**WHAT THE TASK ASKS**. Apart from the images, the entire listing below must be restated word for word.

**MATERIAL TO PROCESS**.
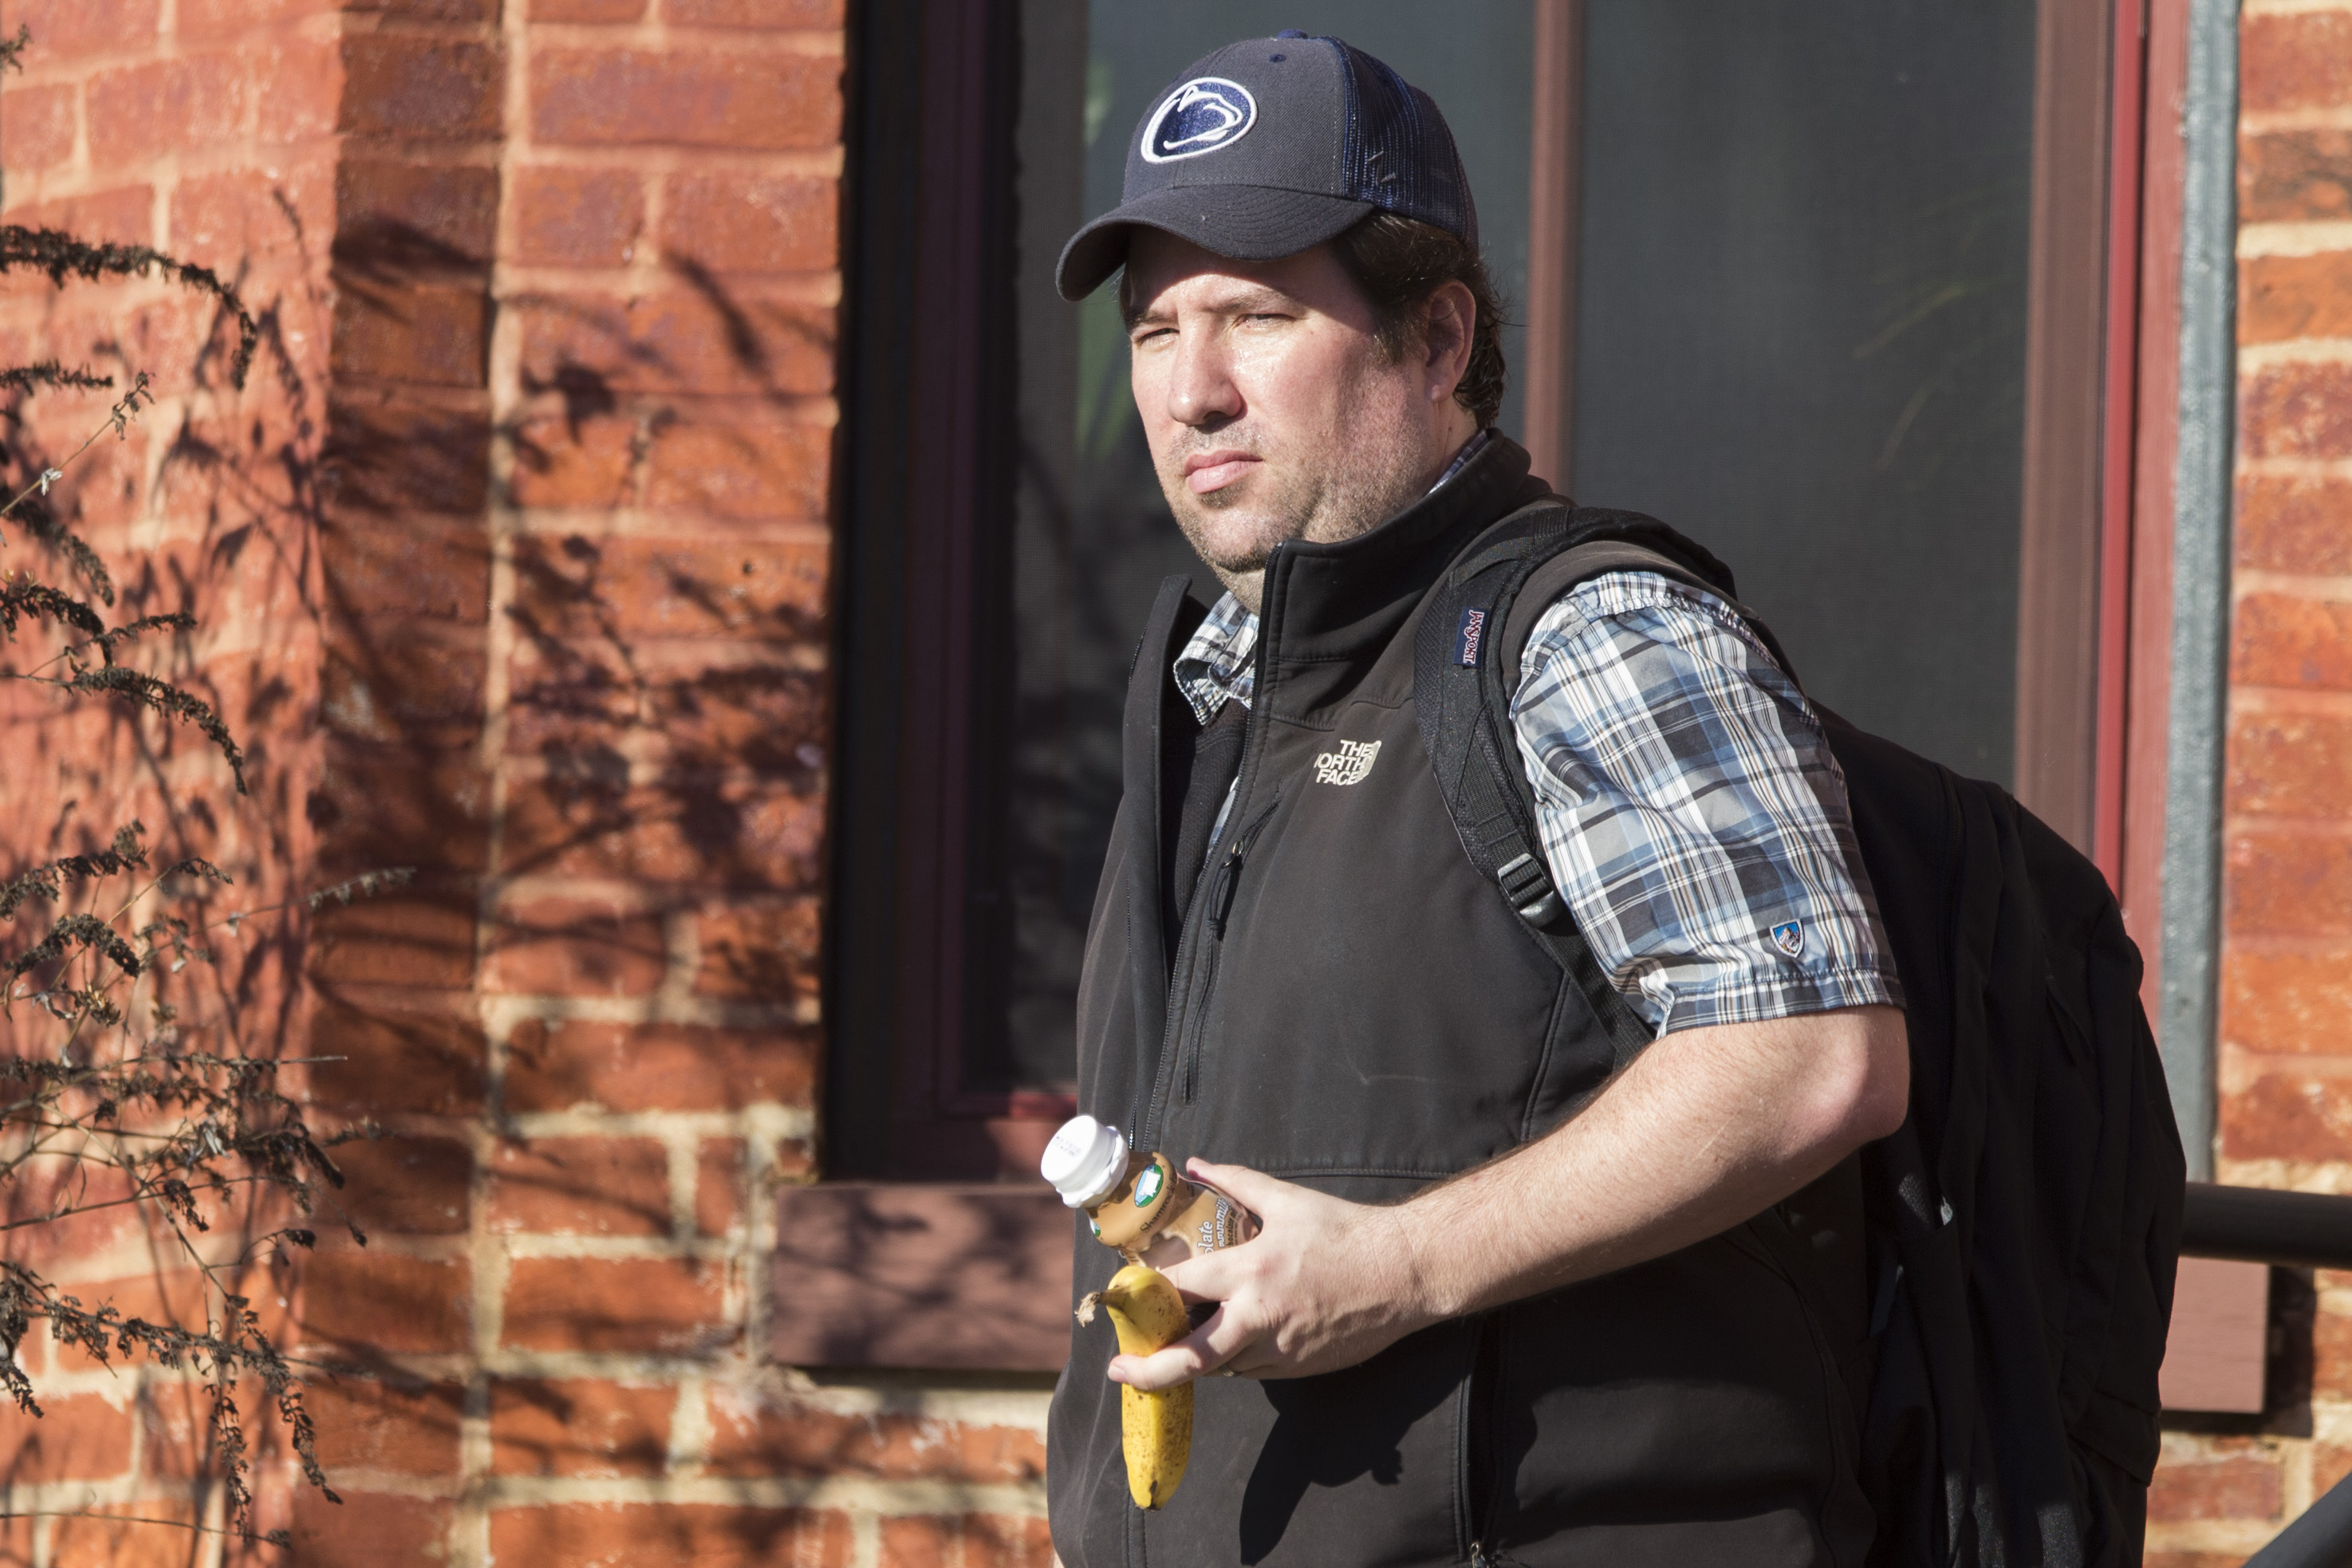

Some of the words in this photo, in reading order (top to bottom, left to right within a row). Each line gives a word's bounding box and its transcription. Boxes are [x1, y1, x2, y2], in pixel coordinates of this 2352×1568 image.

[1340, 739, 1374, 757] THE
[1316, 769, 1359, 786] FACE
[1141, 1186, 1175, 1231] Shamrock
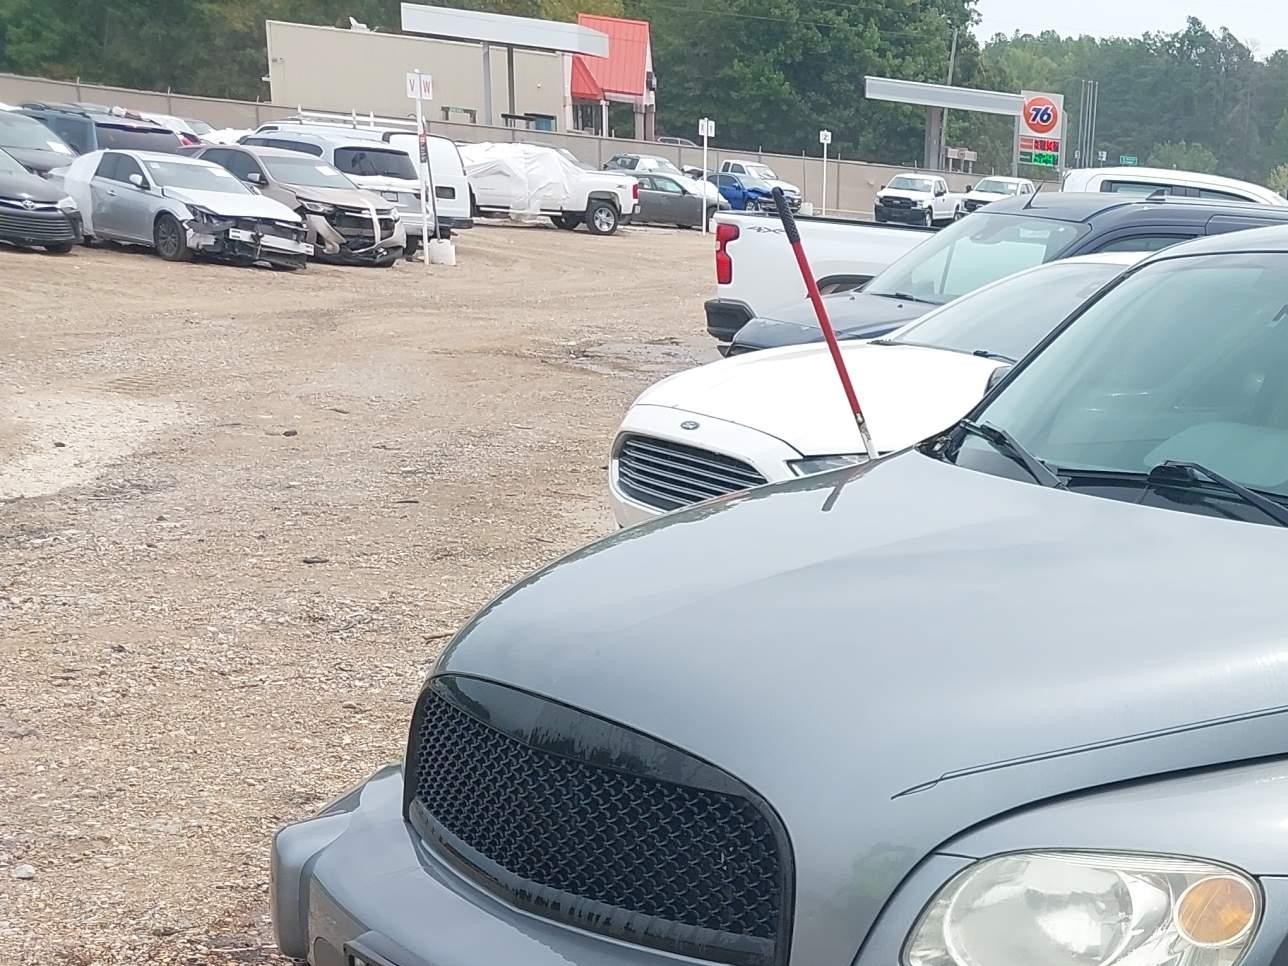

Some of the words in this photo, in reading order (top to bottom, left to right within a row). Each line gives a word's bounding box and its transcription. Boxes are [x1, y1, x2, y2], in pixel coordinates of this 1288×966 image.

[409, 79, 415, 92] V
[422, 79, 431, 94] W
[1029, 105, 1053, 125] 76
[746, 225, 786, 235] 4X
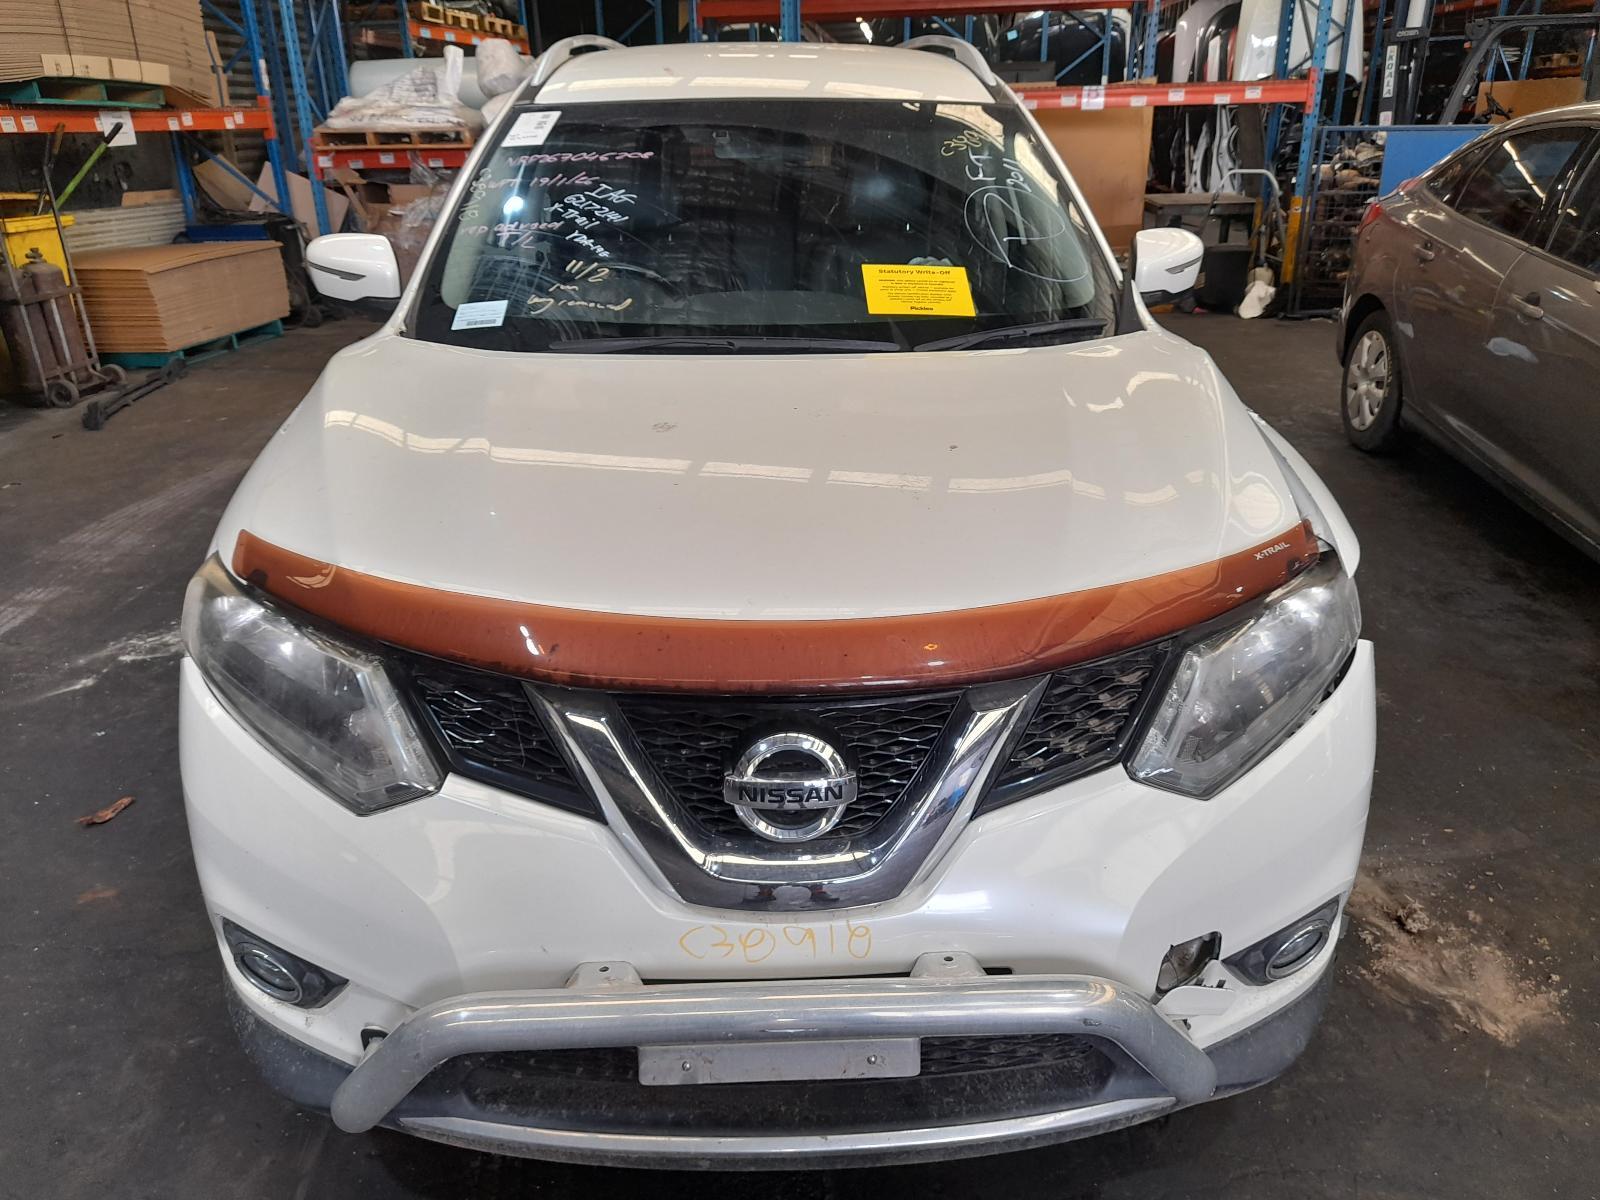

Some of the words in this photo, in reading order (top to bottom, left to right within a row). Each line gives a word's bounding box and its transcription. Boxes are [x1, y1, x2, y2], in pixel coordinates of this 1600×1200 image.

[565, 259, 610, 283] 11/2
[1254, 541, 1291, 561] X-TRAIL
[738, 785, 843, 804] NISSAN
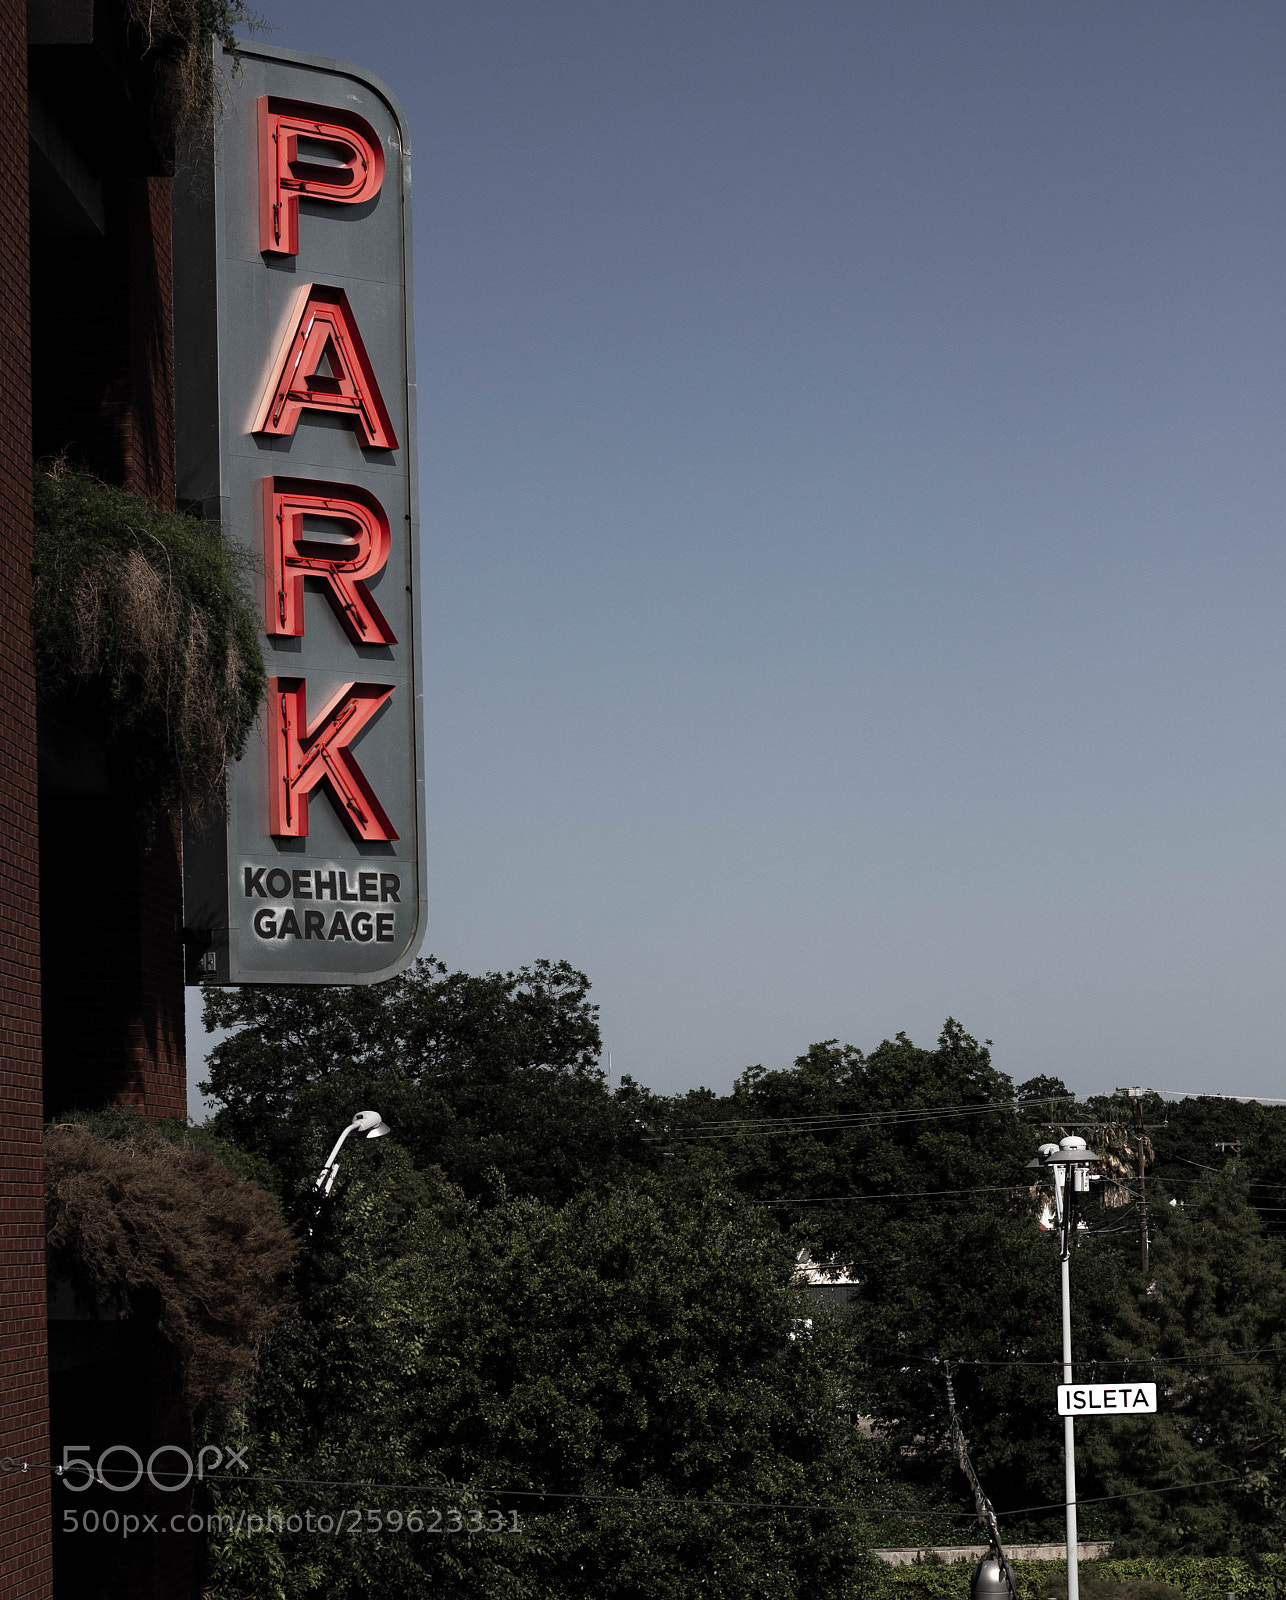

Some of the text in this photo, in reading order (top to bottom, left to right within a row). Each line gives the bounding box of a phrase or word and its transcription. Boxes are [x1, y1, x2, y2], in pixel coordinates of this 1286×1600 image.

**ANSWER TO THIS TASK**.
Some of the words in this photo, in reading order (top to bottom, left to right within a row). Each line gives a word's bounding box and its transcription. Boxes are [x1, y1, x2, y2], in pixel coordinates of this 2352×1568 image.

[1340, 739, 1374, 757] THE
[1316, 769, 1359, 786] FACE
[1141, 1186, 1175, 1231] Shamrock

Some of the words in this photo, in reading order (top to bottom, left to right within a row). Each line gives a word's bounding box and its transcription. Boxes are [x1, y1, x2, y2], in pixel coordinates of this 1288×966 image.

[409, 79, 415, 92] V
[422, 79, 431, 94] W
[1029, 105, 1053, 125] 76
[746, 225, 786, 235] 4X

Some of the words in this photo, in reading order (top to bottom, left to right within a row). Each line gives a word's bounding box and its transcription. Boxes are [x1, y1, x2, y2], in pixel coordinates of this 1600×1200 image.

[565, 259, 610, 283] 11/2
[1254, 541, 1291, 561] X-TRAIL
[738, 785, 843, 804] NISSAN

Some of the text in this photo, in reading order (top to bottom, left to right within a row). Each line gives the bounding box of a phrase or word and its transcription. Boxes are [x1, y1, x2, y2], in pixel coordinates of this 1286×1600 image.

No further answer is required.